Russia Headline News

 

February 27, 2010

·        Following hours of negotiations on Friday, the Customs Union Commission agreed upon the final text of the Customs Code for Russia, Kazakhstan, and Belarus, which should take effect on July 1. Russia's oil export duties will not be debated within the Customs Union, as its members have decided to regulate this issue in agreements on setting up a common economic area, which should come into existence no sooner than 2012, although the basic principles of its work should be developed in 2010. Russia has agreed that Belarus' share in the Customs Union's revenues from oil imports should be recalculated (Kommersant, page 1, Customs Union Acknowledges Its Limits).

·        Russia's President Dmitry Medvedev has initiated cuts in the punishment for economic crimes, which include tax evasion. (Kommersant)
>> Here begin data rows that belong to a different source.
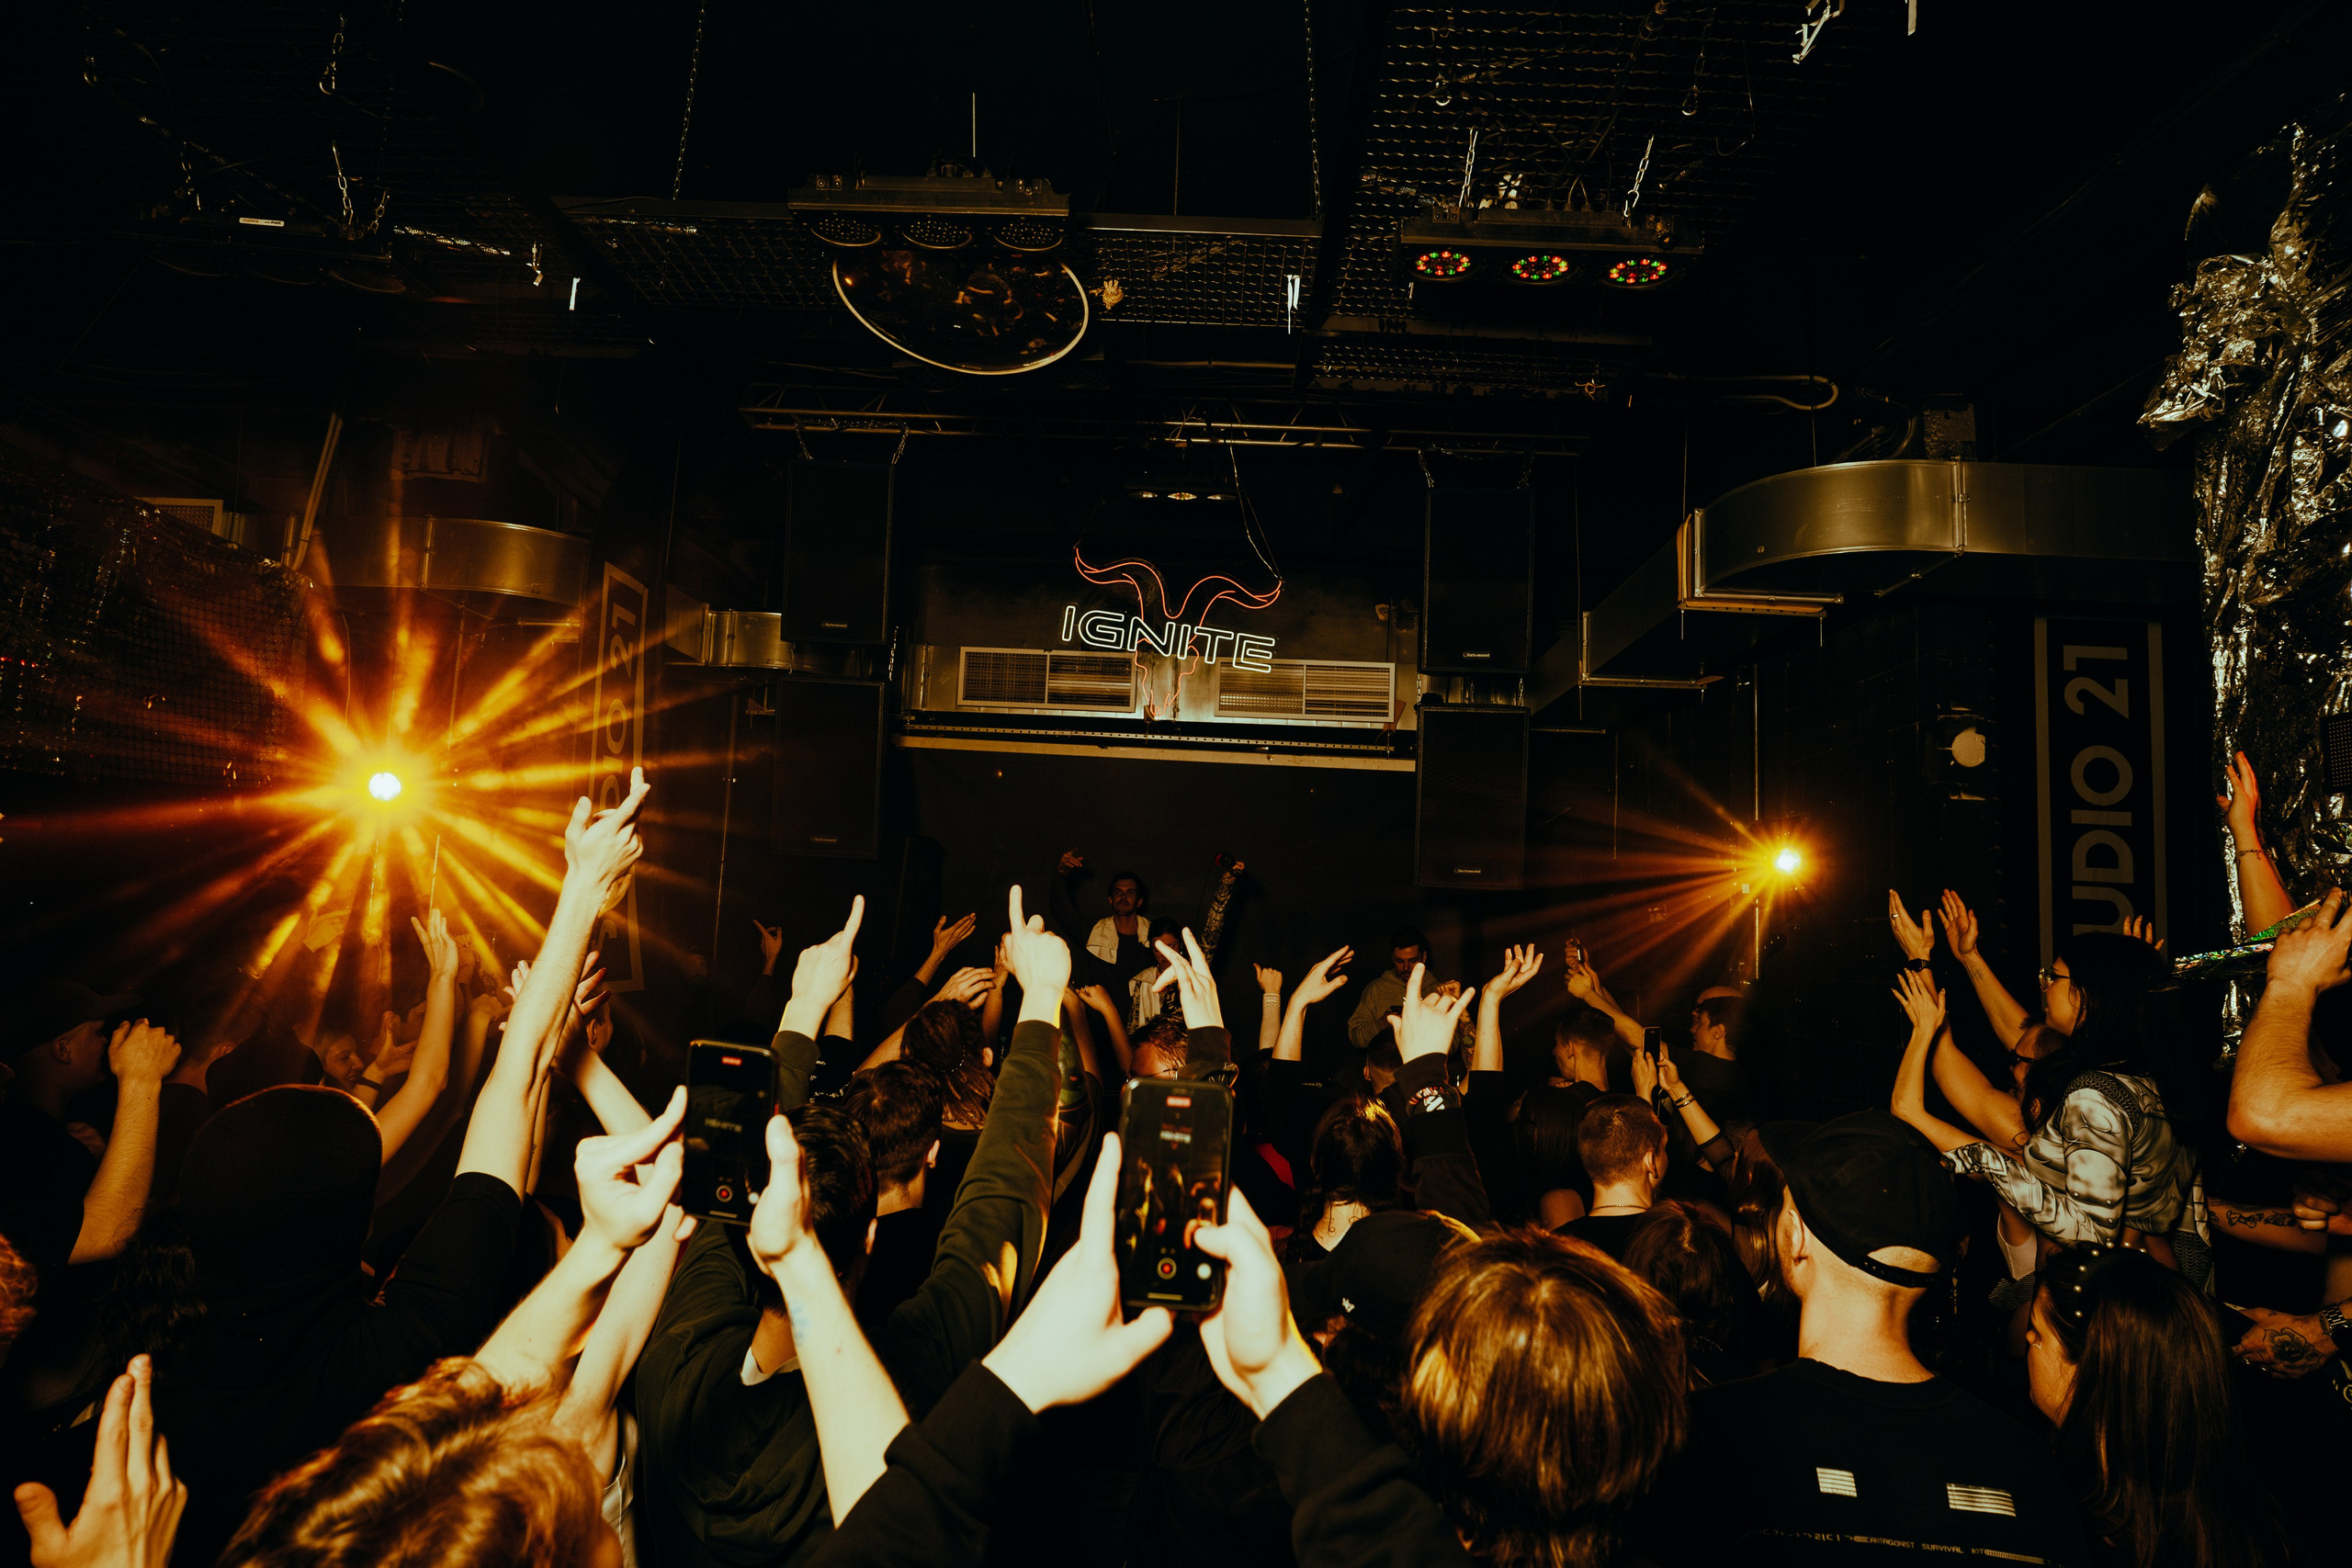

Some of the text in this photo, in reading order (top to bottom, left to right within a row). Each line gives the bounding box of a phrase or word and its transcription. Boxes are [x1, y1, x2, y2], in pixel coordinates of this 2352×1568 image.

[609, 603, 637, 680] 21
[1062, 605, 1275, 673] IGNITE
[2063, 644, 2134, 937] UDIO 21
[1921, 1542, 1964, 1554] SURVIVAL
[1971, 1547, 1984, 1555] KIT
·        Gazprom Export General Director Alexander Medvedev has explained what concessions Gazprom has made to its clients in Europe in order to maintain the level of its sales. Only 10% -15% of gas exports will be exported at spot prices, he said. This system will be in place only in 2010-2012. Gazprom and its European clients can revise contract prices once every three years, and the gas giant has offered a discount for this time, he said. Medvedev did not specify how this would affect Gazprom's earnings (Vedomosti, Gazprom's Discount).

·        Prime Minister Vladimir Putin said Friday that the government would only support mortgages for newly built apartments in a bid to boost the flagging construction industry. The government plans to lend banks an additional 250 billion rubles ($8.3 billion) this year for their mortgage programs starting in April, Putin said during a trip to Tyumen. (The Moscow Times)
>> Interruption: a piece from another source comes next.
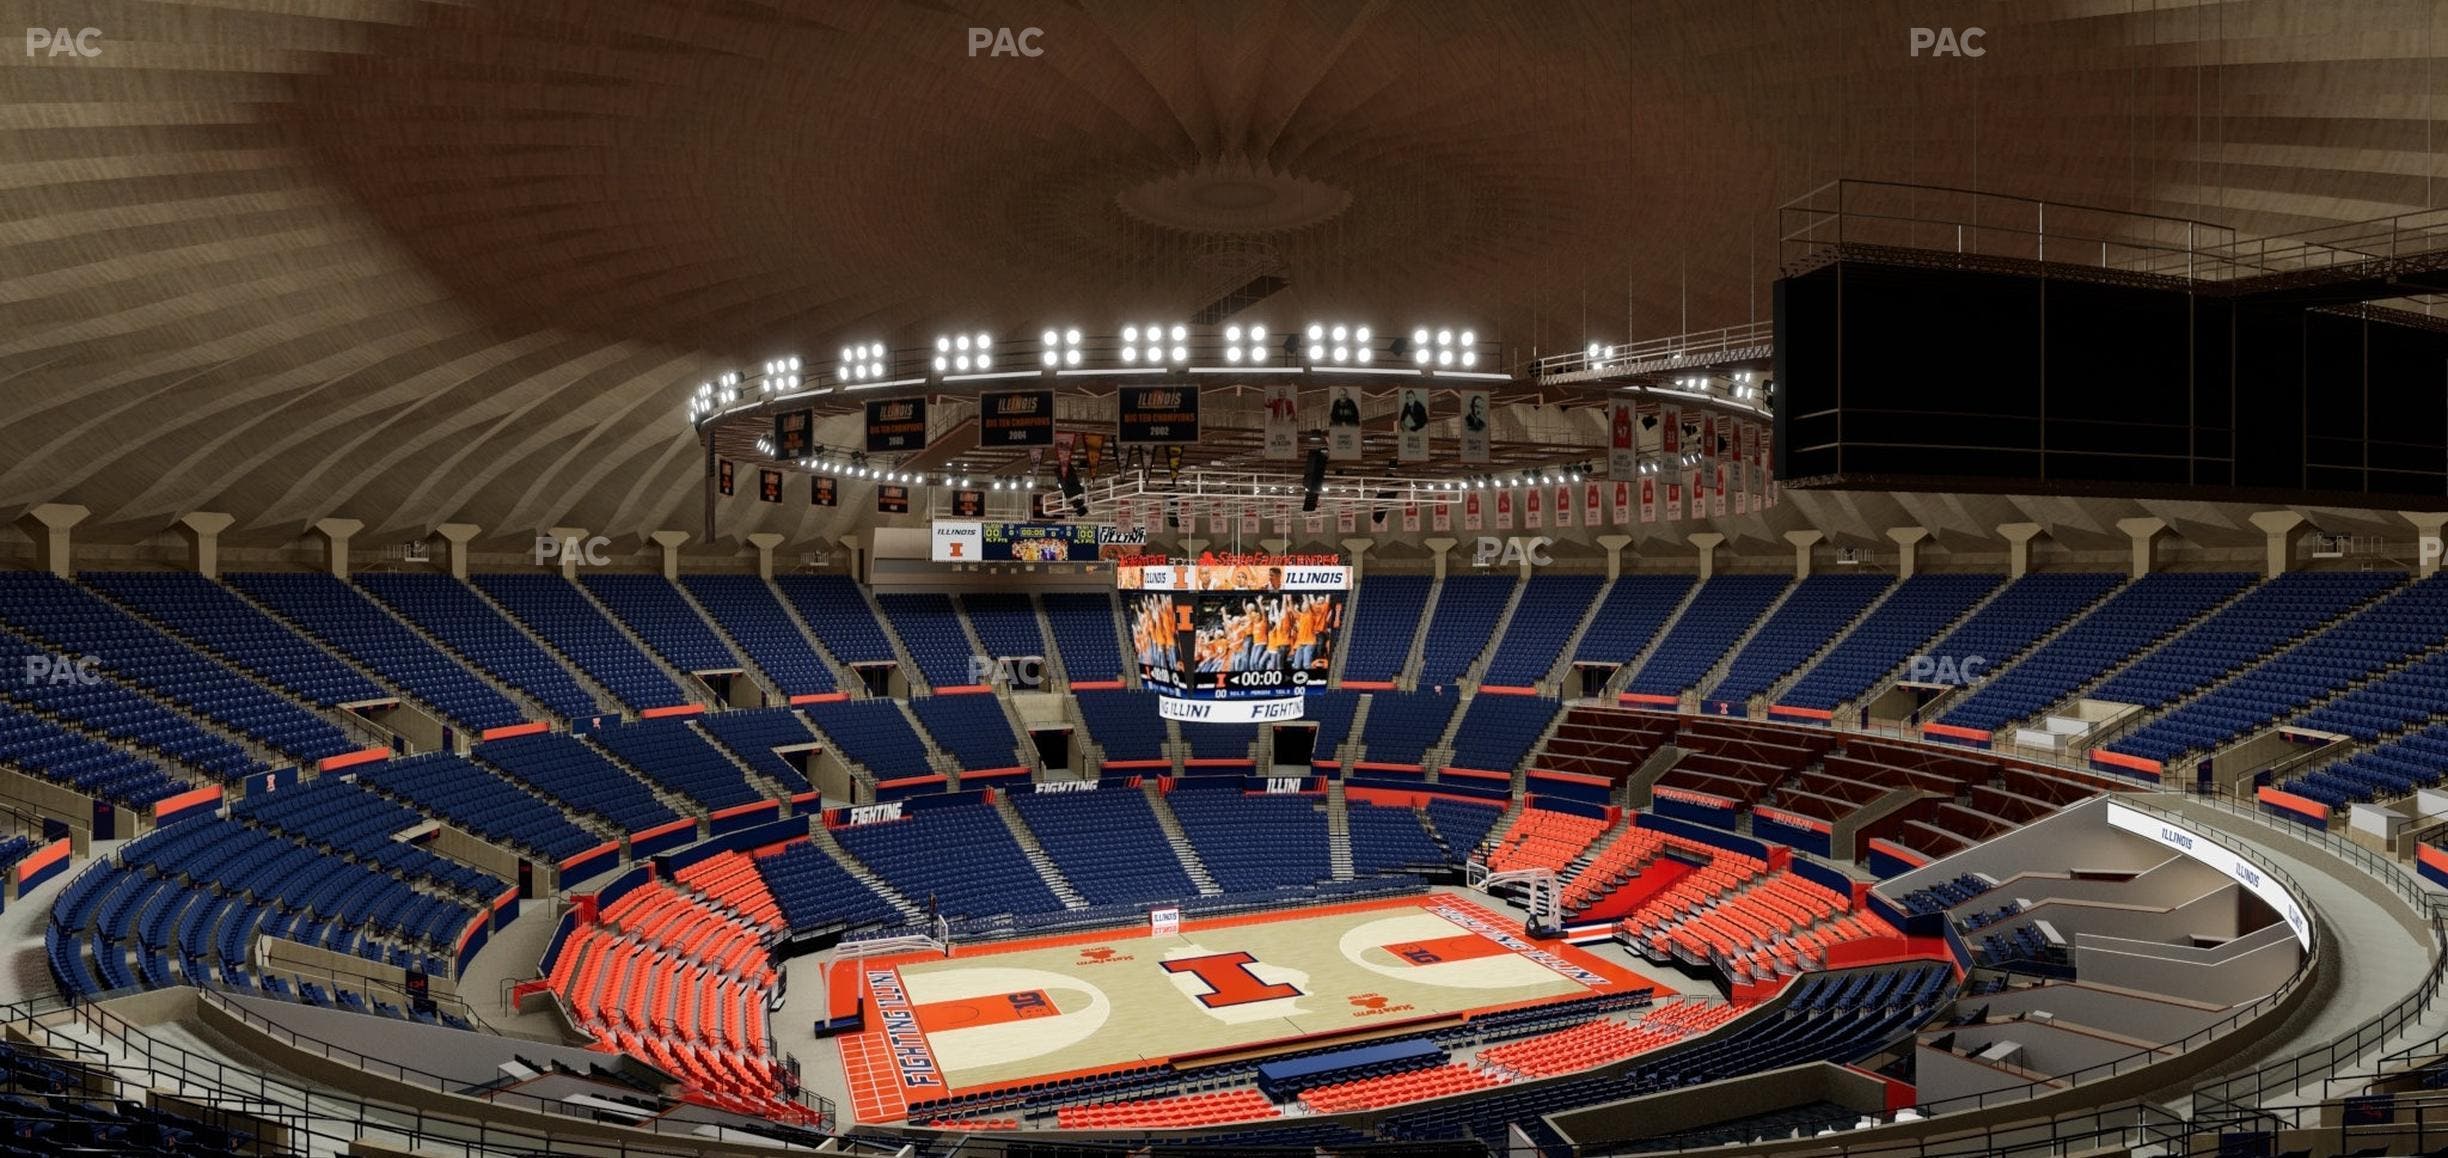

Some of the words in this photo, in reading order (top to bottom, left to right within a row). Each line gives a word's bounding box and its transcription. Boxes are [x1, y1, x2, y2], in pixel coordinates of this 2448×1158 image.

·        Seligdar plans an initial public offering to repay debt and fund growth, a shareholder said Friday. The company will use the funds to help boost output to 10 metric tons in 2013, from 2.9 tons last year, said Dmitry Mangilev, a project manager at Russian Funds, owner of 45 percent of Seligdar. (Bloomberg)

 

February 26, 2010

·        Two Russian state corporations -- Russian Nanotechnologies Corp. and the state road-building company known as Avtodor -- may become joint-stock companies as early as the first quarter of 2011, an Economy Ministry official said. Anatoly Chubais, chief executive officer of the nanotechnologies company, backs the idea, Ivan Oskolkov, head of the ministry’s corporate governance department, said. The Transportation Ministry may seek more time to reorganize Avtodor, Oskolkov said, adding that the final decision rests with the government. (Bloomberg)

·        Gazprom, concerned by Novatek's partnership with oil trader Gennady Timchenko, is considering swapping part of its stake in the company for 51 percent of Sibneftegaz, which it could then merge with Nortgaz and Purgaz to create a third major Russian gas producer. (The Moscow Times)
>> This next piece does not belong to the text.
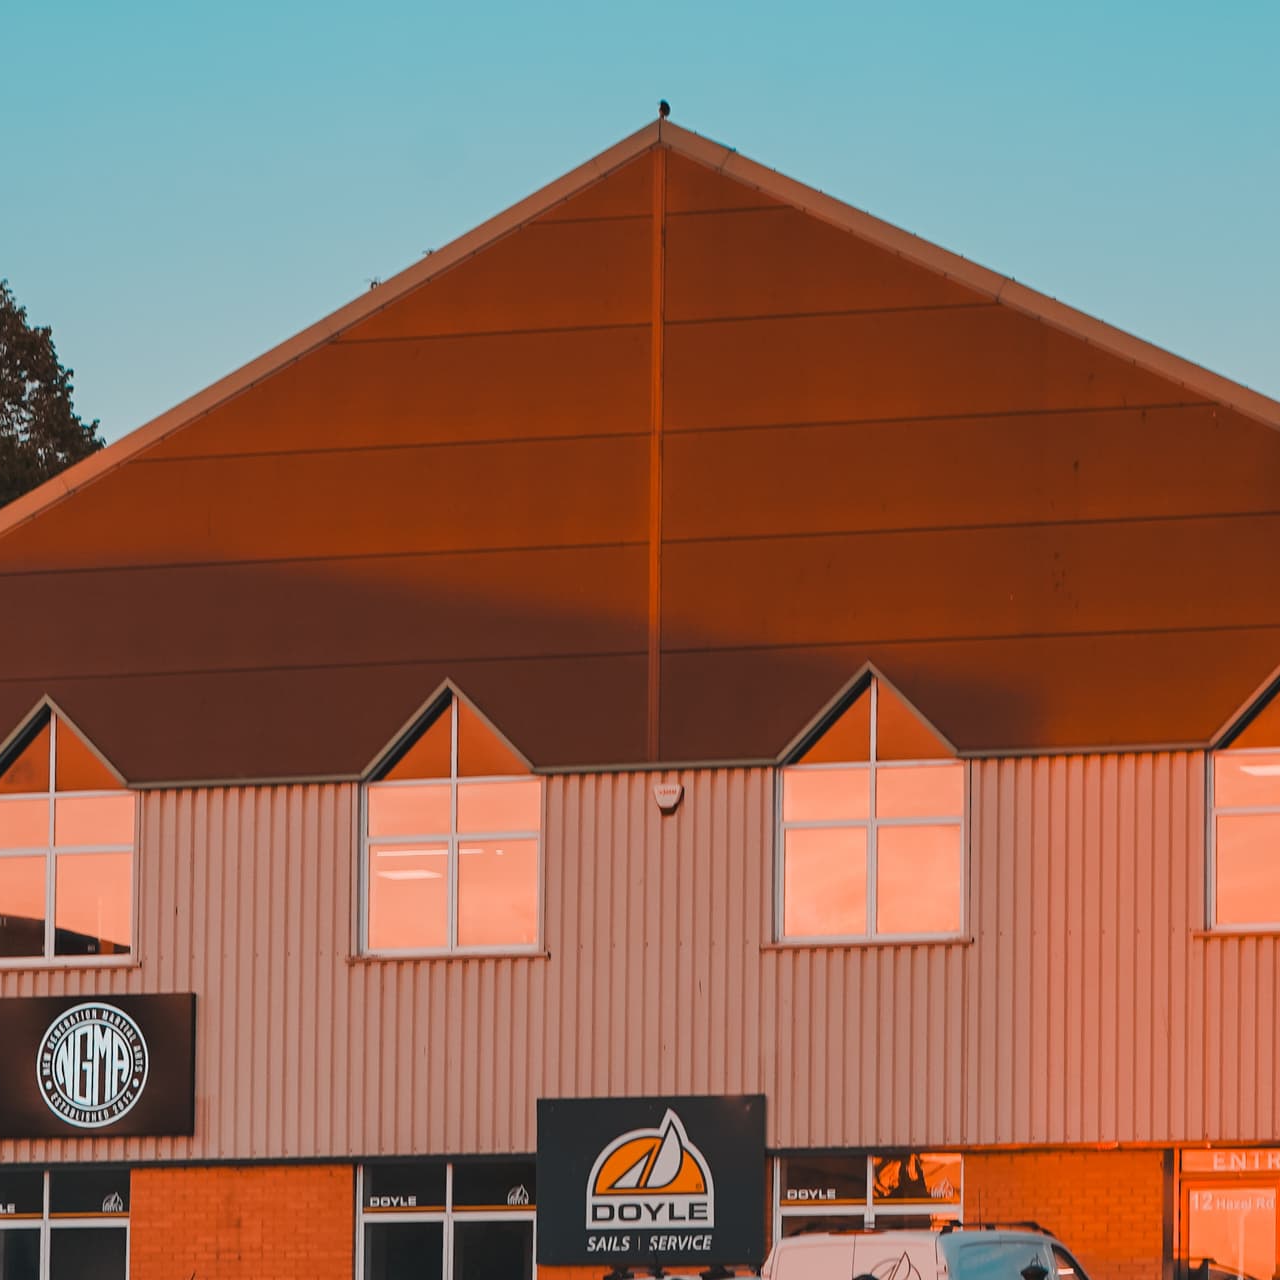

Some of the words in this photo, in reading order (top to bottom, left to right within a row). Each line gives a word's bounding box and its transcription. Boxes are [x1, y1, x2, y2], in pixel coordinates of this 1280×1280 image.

·        The Federal Customs Service indicated Thursday that it was ready to continue its export-duty duel with Gazprom, proposing new rules that could be used to force the gas export monopoly to disclose its pricing for foreign clients. The changes would base export duties on volumes delivered rather than prices declared by Gazprom, which the customs service argues would increase transparency. The state-run company, however, has said the proposal would decrease its revenue — and as a result, the cash it pays into the federal budget. The announcement shows that pressure on Gazprom from various government agencies is not yet abating, even as the world's largest gas producer has reguarly proven its resilience to new regulation. (The Moscow Times)

·        OAO GMK Norilsk Nickel, Russia’s largest mining company, may pay $1 billion in dividends for 2009, ending two years without a payout, Vedomosti reported, citing unidentified people familiar with the matter. Norilsk’s board, which includes representatives of billionaires Vladimir Potanin and Oleg Deripaska, will vote on the proposal next month. (Vedomosti)

·        Severstal plans to take over British gold producer Crew Gold, which exploits fields in Guinea, by paying about $395 million for the company. The price is high, but the purchase will allow Severstal to increase its own gold production by at least one third, analysts said. (Kommersant, page 12, Severstal overestimates Guinean gold)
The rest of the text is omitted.